Data supplied

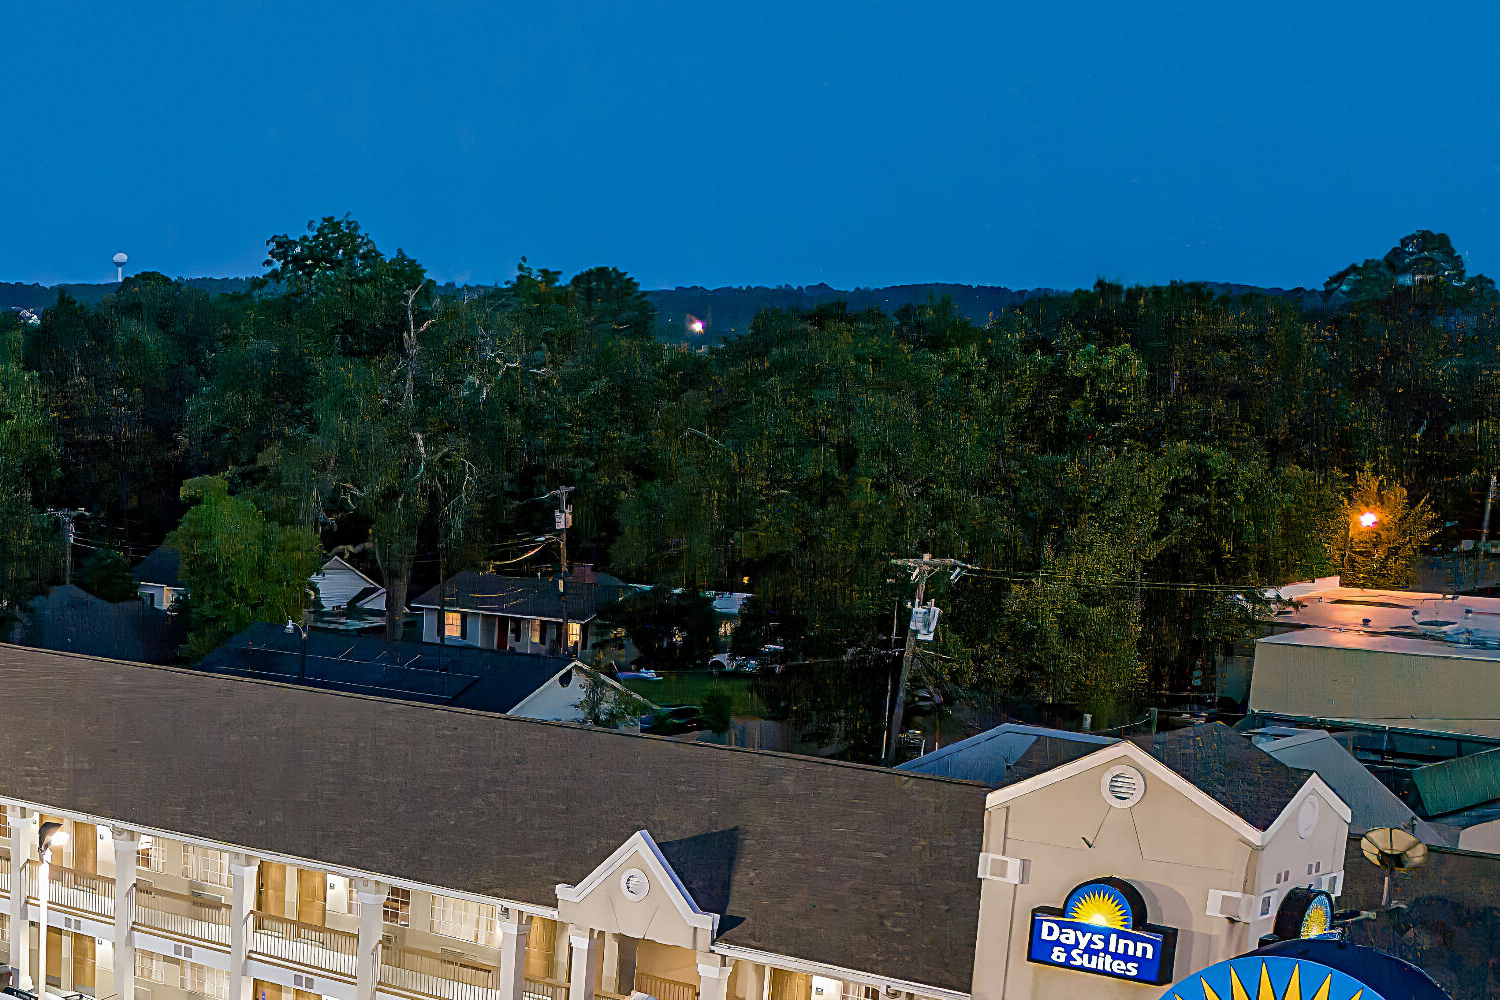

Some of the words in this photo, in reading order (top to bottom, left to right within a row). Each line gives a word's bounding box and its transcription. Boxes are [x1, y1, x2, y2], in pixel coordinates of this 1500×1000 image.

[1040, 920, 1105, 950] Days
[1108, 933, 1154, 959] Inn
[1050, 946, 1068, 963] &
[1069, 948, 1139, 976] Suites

What the task asks
Each word of the data should be repeated exactly, and the pictures left out.

Solution to this exercise
Some of the words in this photo, in reading order (top to bottom, left to right within a row). Each line gives a word's bounding box and its transcription. Boxes are [x1, y1, x2, y2], in pixel coordinates of this 1500×1000 image.

[1040, 920, 1105, 950] Days
[1108, 933, 1154, 959] Inn
[1050, 946, 1068, 963] &
[1069, 948, 1139, 976] Suites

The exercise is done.